◆ PROBLEM DETAILS: Wherever a picture appears in the data below, omit it, and restate everything else word for word.

◆ DATA:
+++++

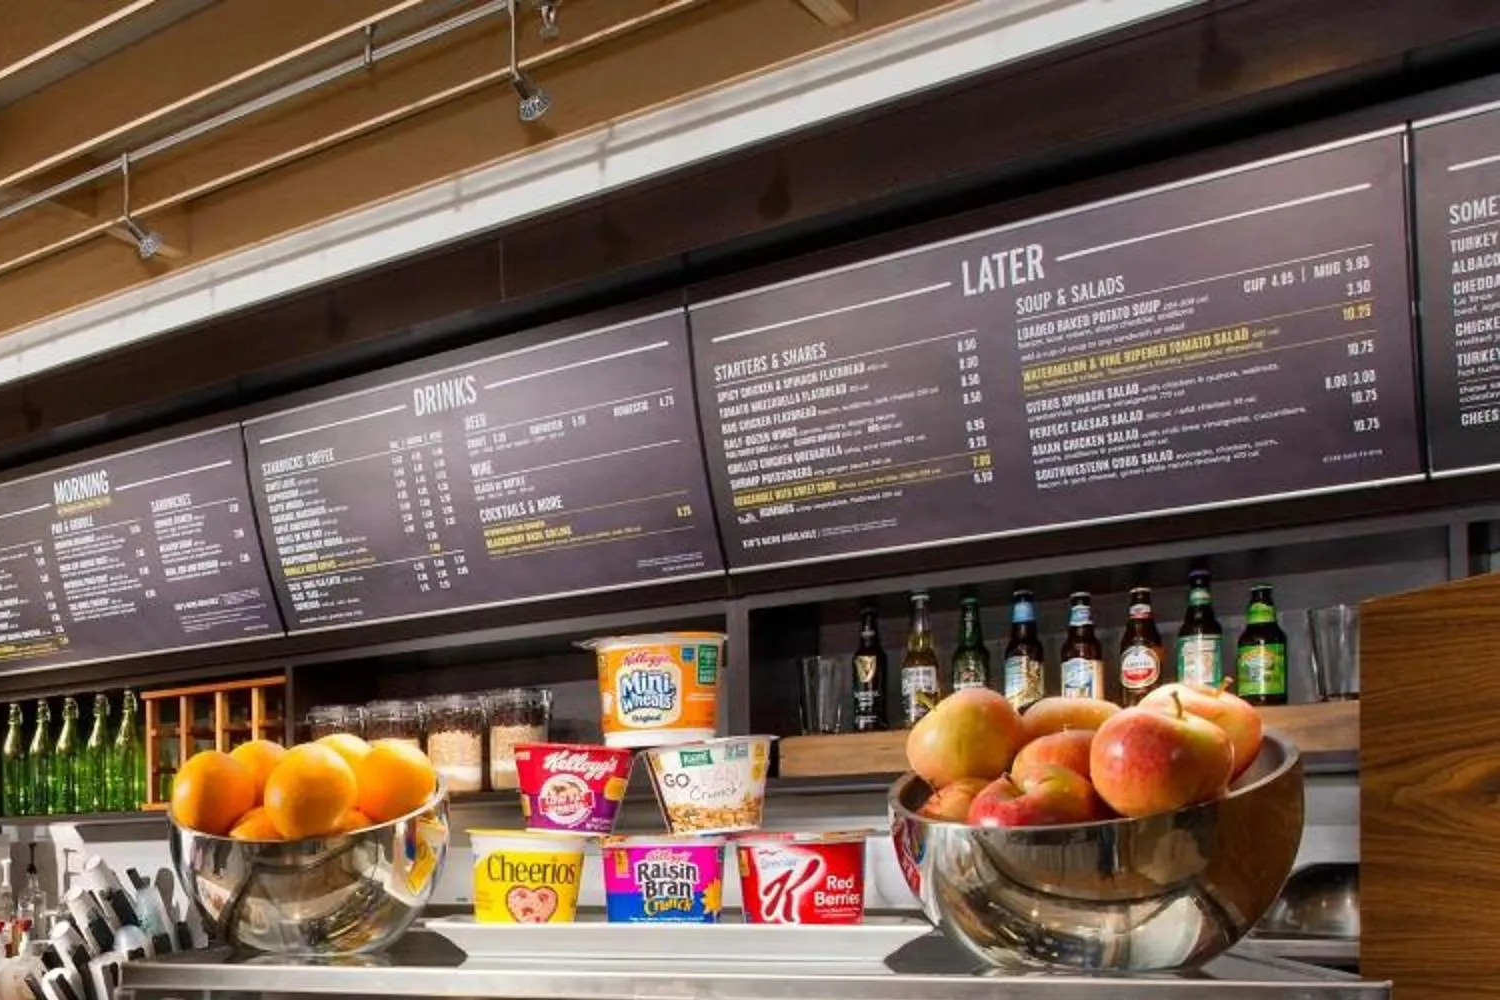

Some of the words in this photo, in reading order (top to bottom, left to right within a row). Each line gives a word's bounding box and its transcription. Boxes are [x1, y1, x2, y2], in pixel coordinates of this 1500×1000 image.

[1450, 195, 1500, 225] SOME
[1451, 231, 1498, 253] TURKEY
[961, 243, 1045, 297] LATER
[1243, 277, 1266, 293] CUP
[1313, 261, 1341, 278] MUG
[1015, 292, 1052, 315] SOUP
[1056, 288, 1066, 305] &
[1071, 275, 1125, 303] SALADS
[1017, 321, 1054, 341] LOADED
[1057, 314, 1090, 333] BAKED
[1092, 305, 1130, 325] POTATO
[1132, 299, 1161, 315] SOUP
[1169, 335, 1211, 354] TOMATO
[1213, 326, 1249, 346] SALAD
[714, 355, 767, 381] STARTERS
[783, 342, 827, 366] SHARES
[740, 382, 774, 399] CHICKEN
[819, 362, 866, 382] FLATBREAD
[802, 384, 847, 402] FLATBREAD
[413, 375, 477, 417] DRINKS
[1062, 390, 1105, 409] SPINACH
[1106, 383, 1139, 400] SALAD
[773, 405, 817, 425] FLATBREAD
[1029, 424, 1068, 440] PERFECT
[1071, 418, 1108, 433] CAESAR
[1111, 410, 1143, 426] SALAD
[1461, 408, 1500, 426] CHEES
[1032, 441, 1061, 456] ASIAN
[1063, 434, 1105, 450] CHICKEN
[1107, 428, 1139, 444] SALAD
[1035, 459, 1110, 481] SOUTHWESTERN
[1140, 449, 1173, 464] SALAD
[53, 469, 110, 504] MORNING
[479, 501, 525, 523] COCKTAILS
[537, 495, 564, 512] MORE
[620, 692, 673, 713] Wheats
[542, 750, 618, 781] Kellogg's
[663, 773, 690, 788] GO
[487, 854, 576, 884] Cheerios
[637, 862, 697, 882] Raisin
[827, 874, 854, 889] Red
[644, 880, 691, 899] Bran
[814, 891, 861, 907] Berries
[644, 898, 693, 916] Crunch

+++++

◆ COMPLETED EXERCISE:
Some of the words in this photo, in reading order (top to bottom, left to right within a row). Each line gives a word's bounding box and its transcription. Boxes are [x1, y1, x2, y2], in pixel coordinates of this 1500×1000 image.

[1450, 195, 1500, 225] SOME
[1451, 231, 1498, 253] TURKEY
[961, 243, 1045, 297] LATER
[1243, 277, 1266, 293] CUP
[1313, 261, 1341, 278] MUG
[1015, 292, 1052, 315] SOUP
[1056, 288, 1066, 305] &
[1071, 275, 1125, 303] SALADS
[1017, 321, 1054, 341] LOADED
[1057, 314, 1090, 333] BAKED
[1092, 305, 1130, 325] POTATO
[1132, 299, 1161, 315] SOUP
[1169, 335, 1211, 354] TOMATO
[1213, 326, 1249, 346] SALAD
[714, 355, 767, 381] STARTERS
[783, 342, 827, 366] SHARES
[740, 382, 774, 399] CHICKEN
[819, 362, 866, 382] FLATBREAD
[802, 384, 847, 402] FLATBREAD
[413, 375, 477, 417] DRINKS
[1062, 390, 1105, 409] SPINACH
[1106, 383, 1139, 400] SALAD
[773, 405, 817, 425] FLATBREAD
[1029, 424, 1068, 440] PERFECT
[1071, 418, 1108, 433] CAESAR
[1111, 410, 1143, 426] SALAD
[1461, 408, 1500, 426] CHEES
[1032, 441, 1061, 456] ASIAN
[1063, 434, 1105, 450] CHICKEN
[1107, 428, 1139, 444] SALAD
[1035, 459, 1110, 481] SOUTHWESTERN
[1140, 449, 1173, 464] SALAD
[53, 469, 110, 504] MORNING
[479, 501, 525, 523] COCKTAILS
[537, 495, 564, 512] MORE
[620, 692, 673, 713] Wheats
[542, 750, 618, 781] Kellogg's
[663, 773, 690, 788] GO
[487, 854, 576, 884] Cheerios
[637, 862, 697, 882] Raisin
[827, 874, 854, 889] Red
[644, 880, 691, 899] Bran
[814, 891, 861, 907] Berries
[644, 898, 693, 916] Crunch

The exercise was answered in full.